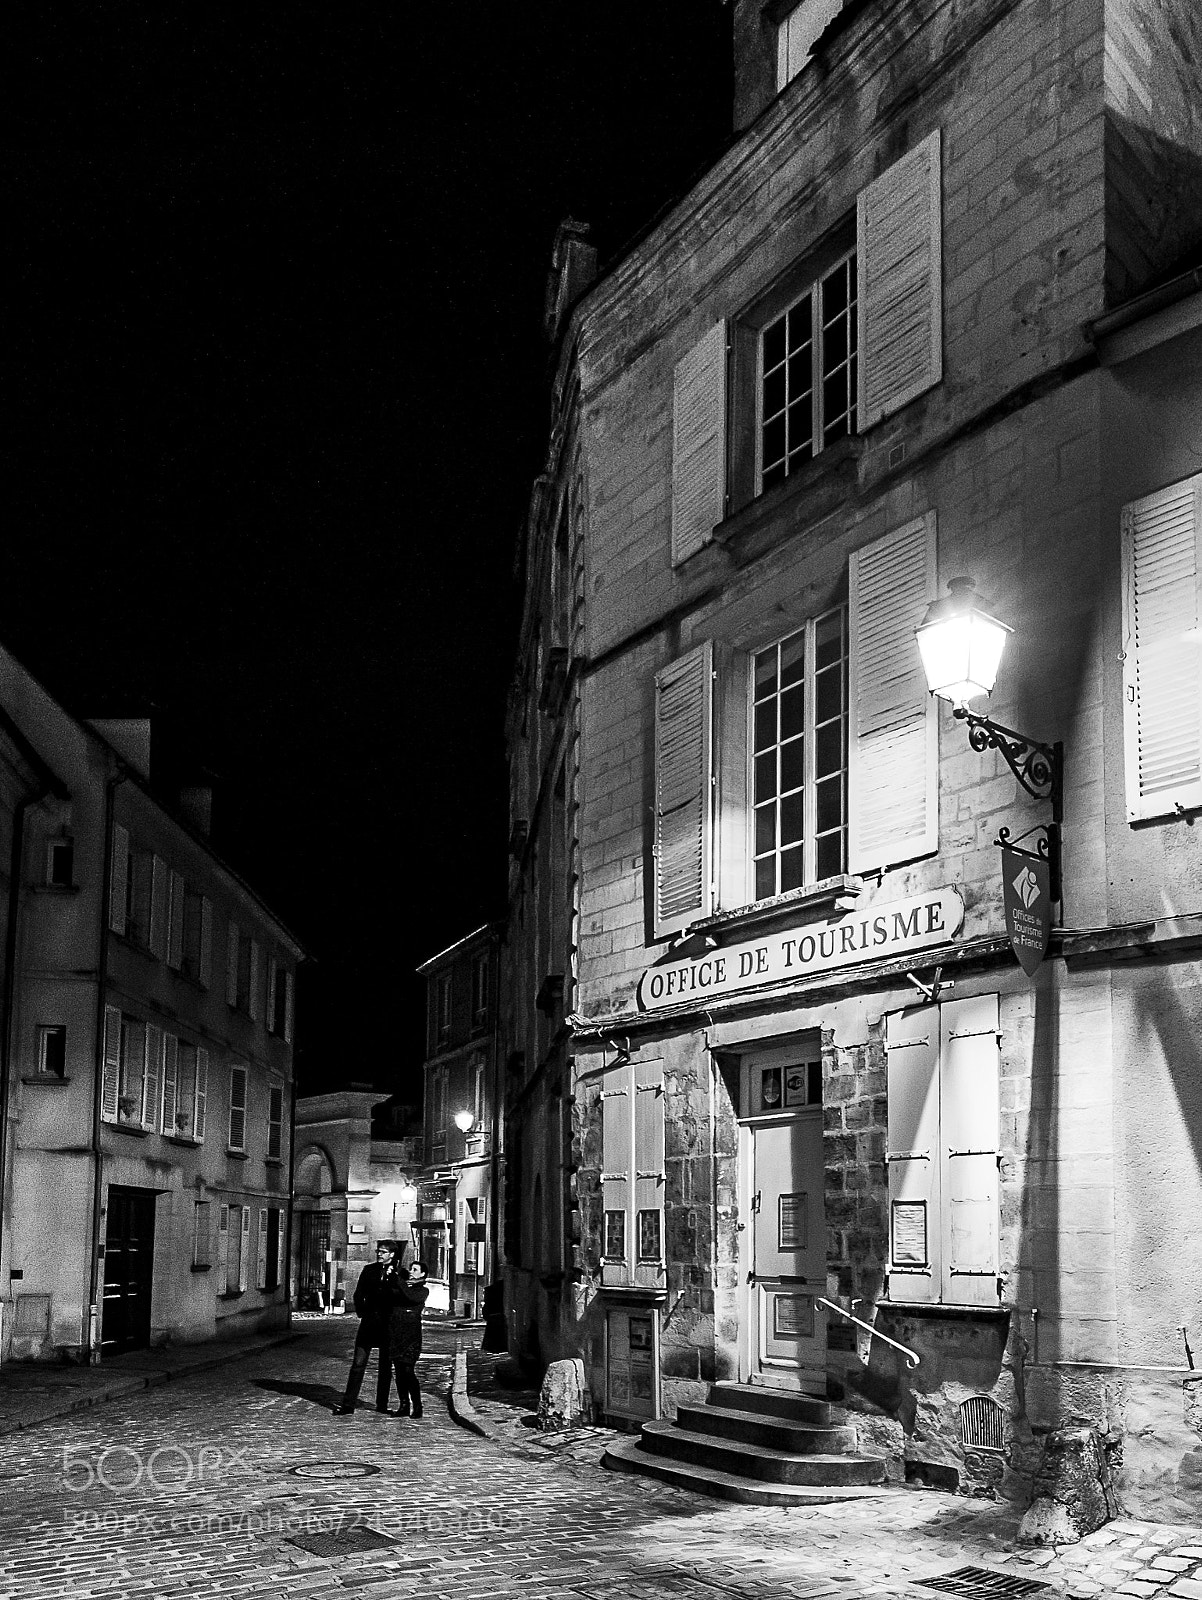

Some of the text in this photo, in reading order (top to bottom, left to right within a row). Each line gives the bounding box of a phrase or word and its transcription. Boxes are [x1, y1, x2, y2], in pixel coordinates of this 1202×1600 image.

[1012, 908, 1035, 924] Offices
[1013, 920, 1043, 938] Tourisme
[649, 900, 945, 999] OFFICE DE TOURISME
[1020, 934, 1043, 950] France
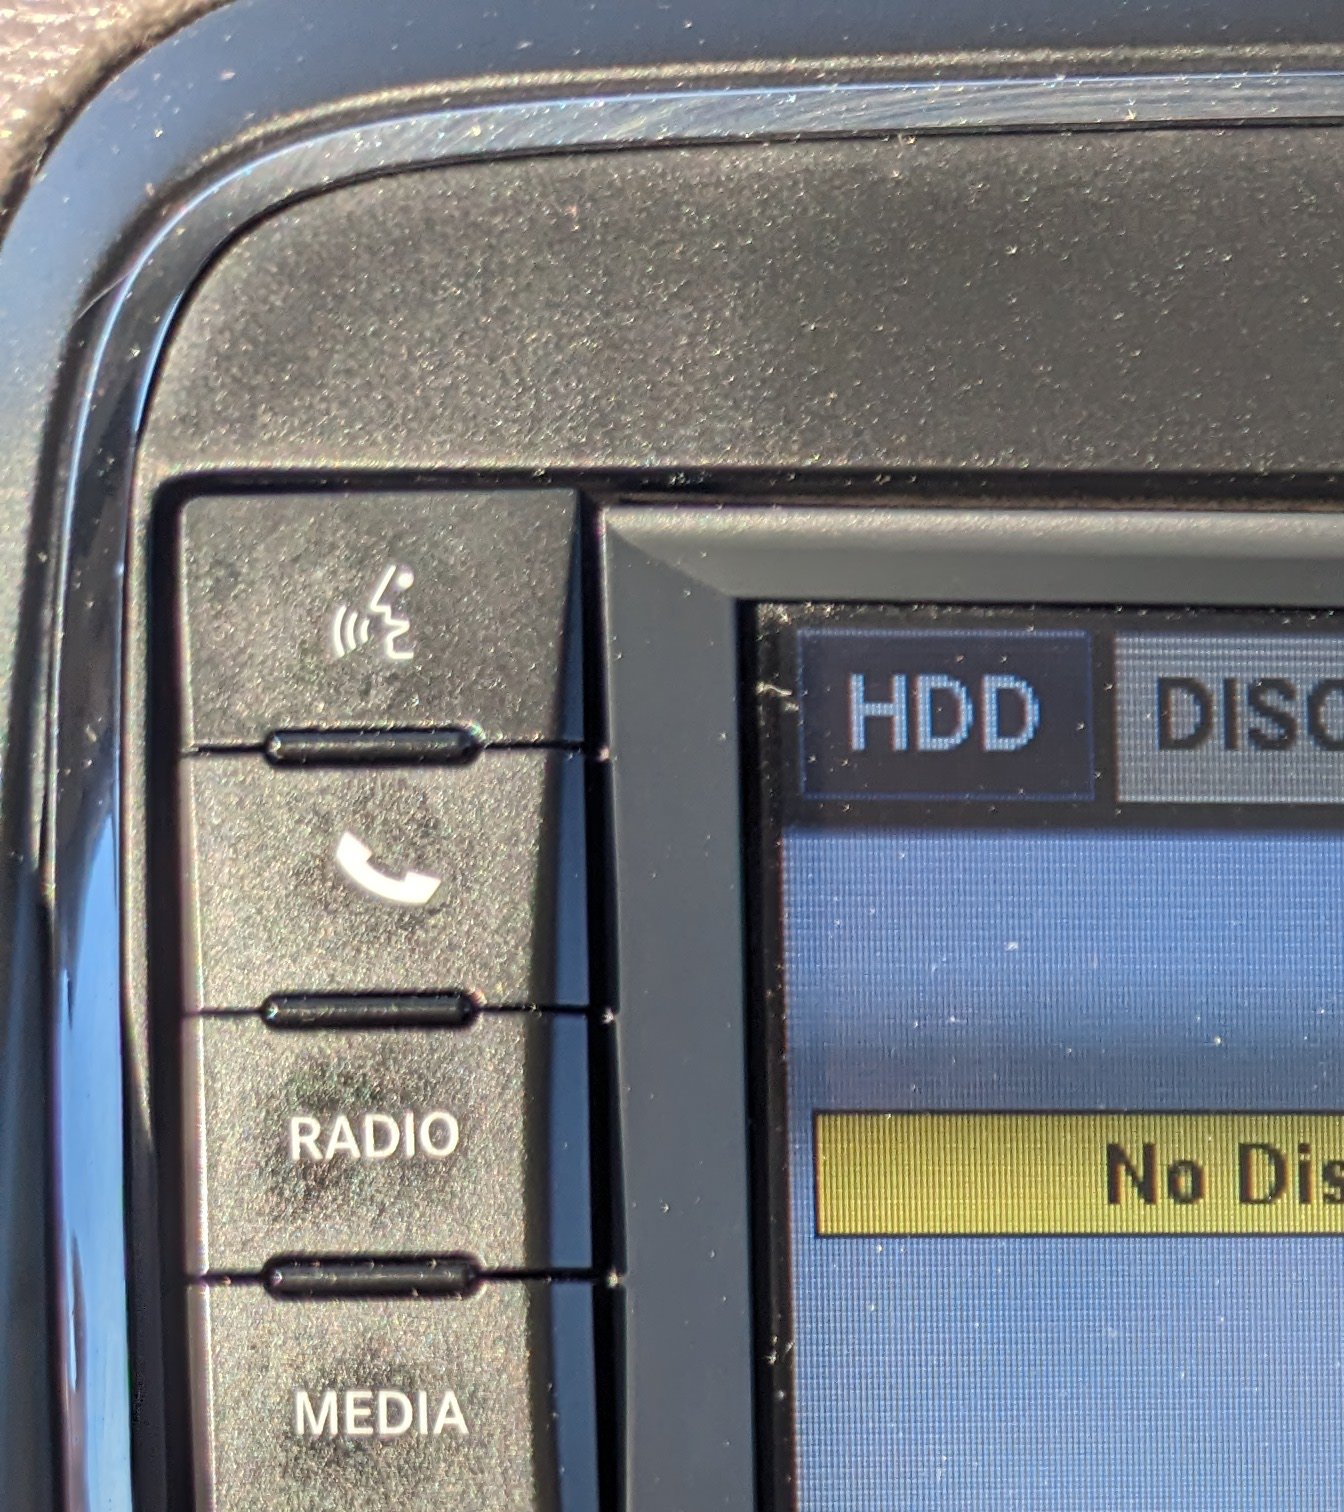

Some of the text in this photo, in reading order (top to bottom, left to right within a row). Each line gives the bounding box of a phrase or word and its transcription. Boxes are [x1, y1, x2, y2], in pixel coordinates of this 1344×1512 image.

[848, 673, 1041, 752] HDD
[288, 1111, 461, 1160] RADIO
[1106, 1142, 1205, 1205] No
[293, 1389, 469, 1435] MEDIA
***
WHAT THE EXERCISE ASKS: Your task is an exact transcription of all the data, minus the pictures.

ANSWER SPACE:
Some of the text in this photo, in reading order (top to bottom, left to right within a row). Each line gives the bounding box of a phrase or word and its transcription. Boxes are [x1, y1, x2, y2], in pixel coordinates of this 1202×1600 image.

[1012, 908, 1035, 924] Offices
[1013, 920, 1043, 938] Tourisme
[649, 900, 945, 999] OFFICE DE TOURISME
[1020, 934, 1043, 950] France

Some of the text in this photo, in reading order (top to bottom, left to right within a row). Each line gives the bounding box of a phrase or word and its transcription. Boxes are [x1, y1, x2, y2], in pixel coordinates of this 1344×1512 image.

[848, 673, 1041, 752] HDD
[288, 1111, 461, 1160] RADIO
[1106, 1142, 1205, 1205] No
[293, 1389, 469, 1435] MEDIA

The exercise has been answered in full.